(Saved entries)
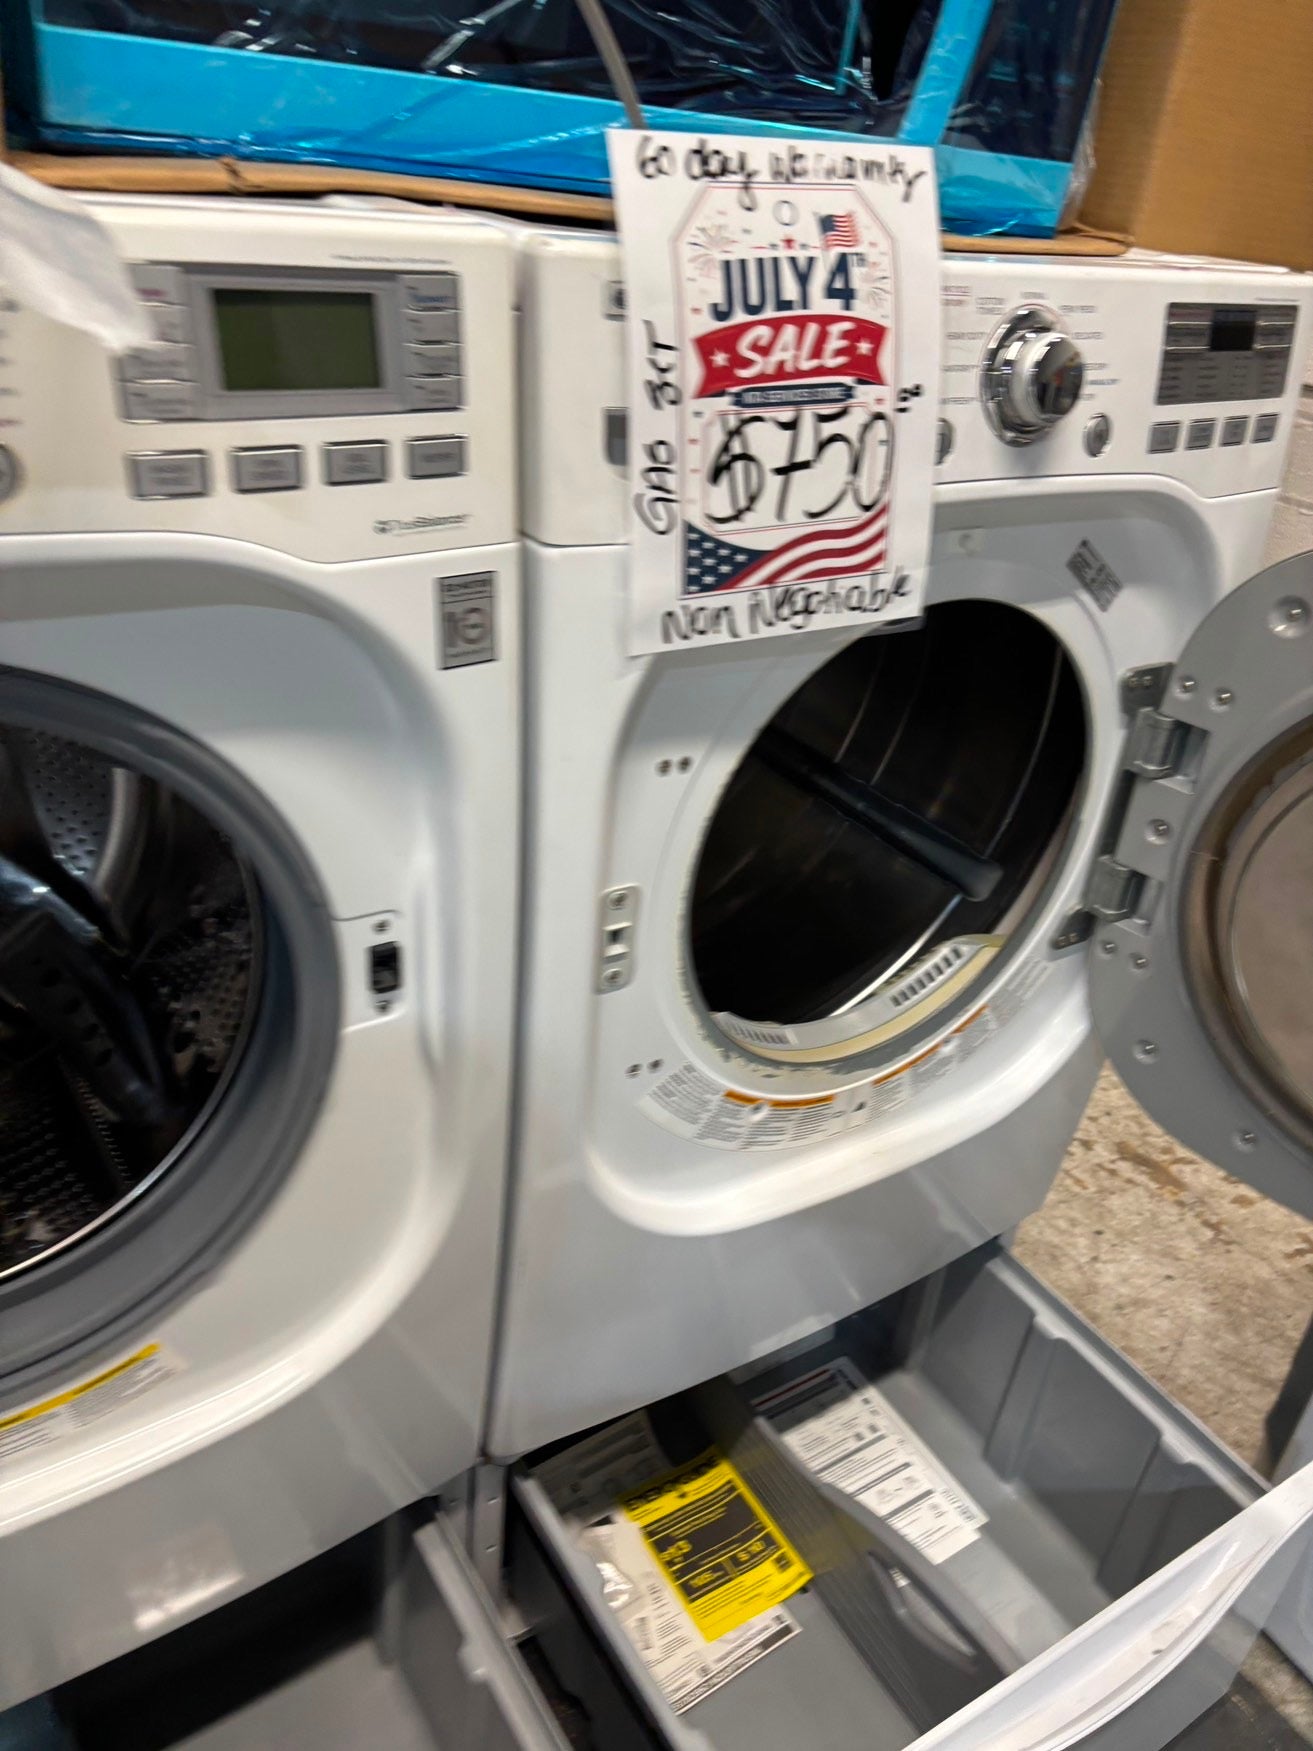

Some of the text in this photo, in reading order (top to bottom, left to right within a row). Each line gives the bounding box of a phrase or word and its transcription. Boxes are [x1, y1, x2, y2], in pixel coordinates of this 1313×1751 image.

[685, 138, 757, 211] day
[708, 256, 818, 322] JULY
[821, 252, 858, 311] 4
[733, 320, 857, 378] SALE
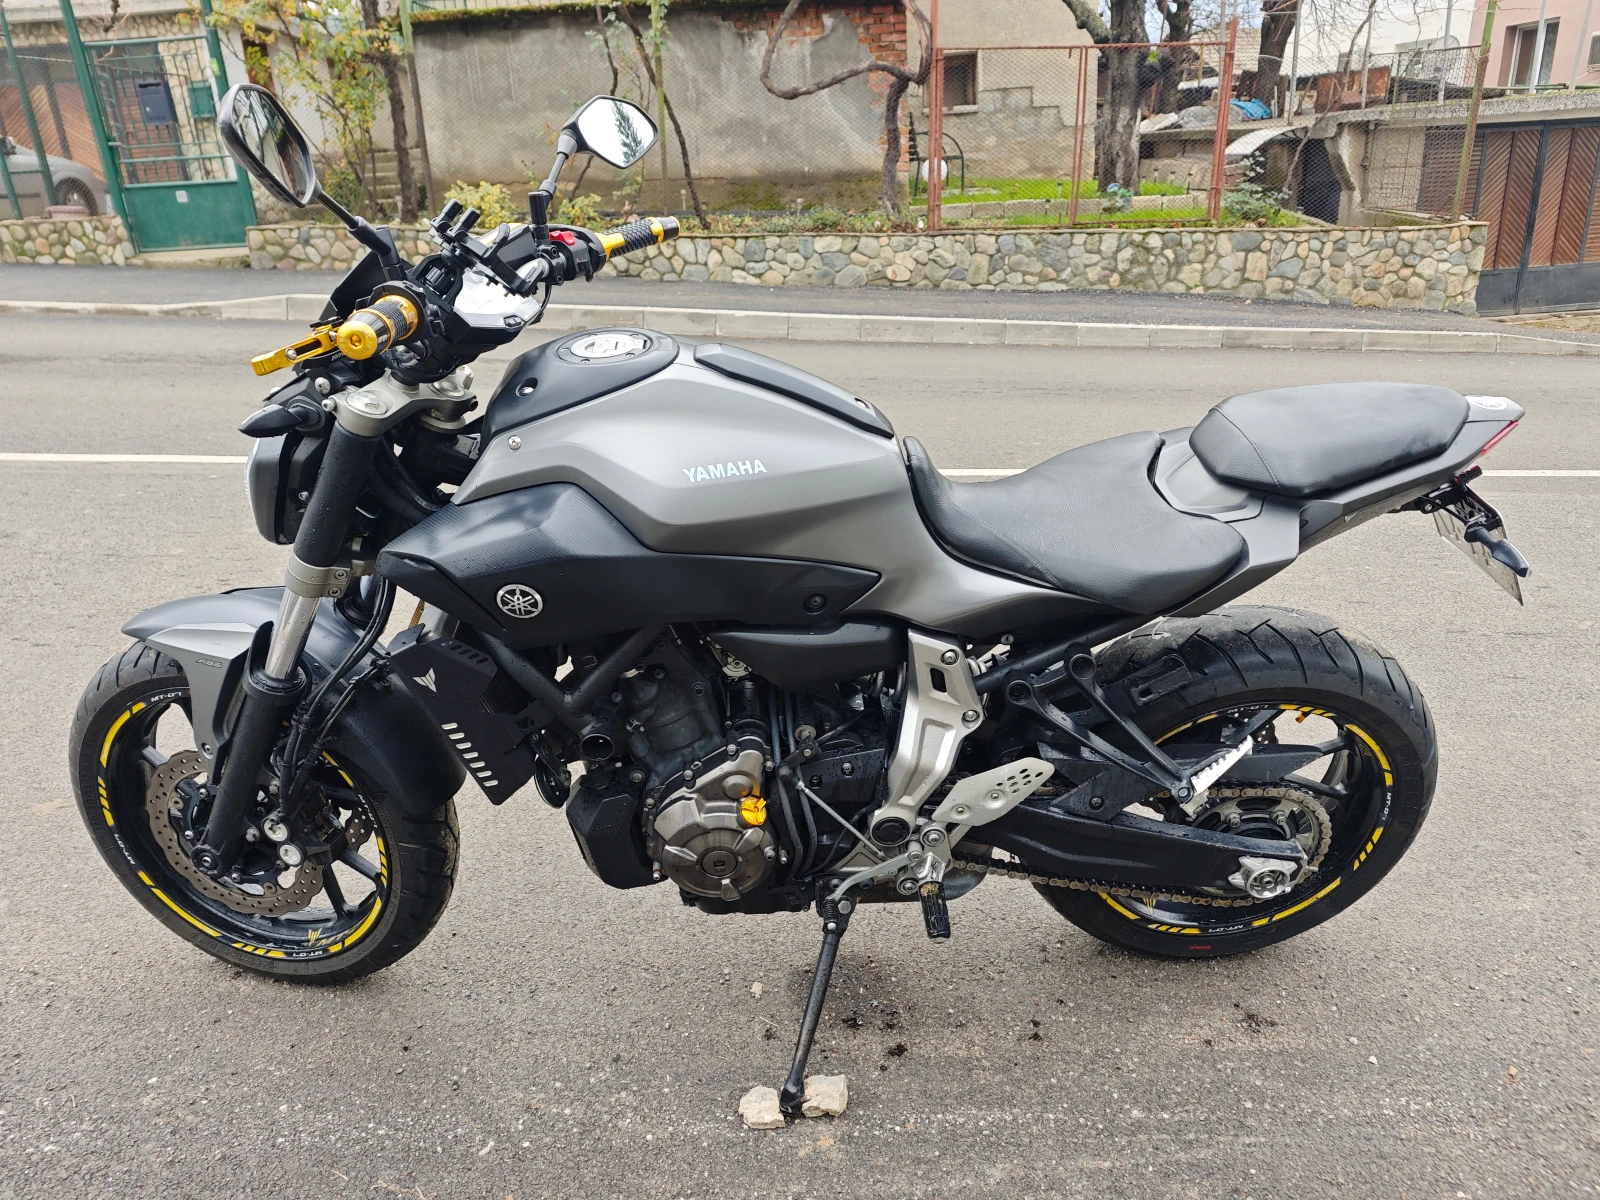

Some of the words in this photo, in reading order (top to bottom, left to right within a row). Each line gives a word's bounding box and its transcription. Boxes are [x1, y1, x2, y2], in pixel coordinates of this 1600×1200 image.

▶ _Task prompt_
Every entry above should come back exactly as written, except for its pictures.

▶ _Task output_
Some of the text in this photo, in reading order (top to bottom, left to right within a row). Each line gives the bounding box of a phrase or word and its transcription. Boxes are [x1, y1, x2, y2], in pixel coordinates of this 1313×1751 image.

[685, 138, 757, 211] day
[708, 256, 818, 322] JULY
[821, 252, 858, 311] 4
[733, 320, 857, 378] SALE

Some of the words in this photo, in reading order (top to bottom, left to right within a row). Each line gives a word's bounding box and its transcription. Boxes are [x1, y1, x2, y2], in pixel coordinates of this 1600×1200 image.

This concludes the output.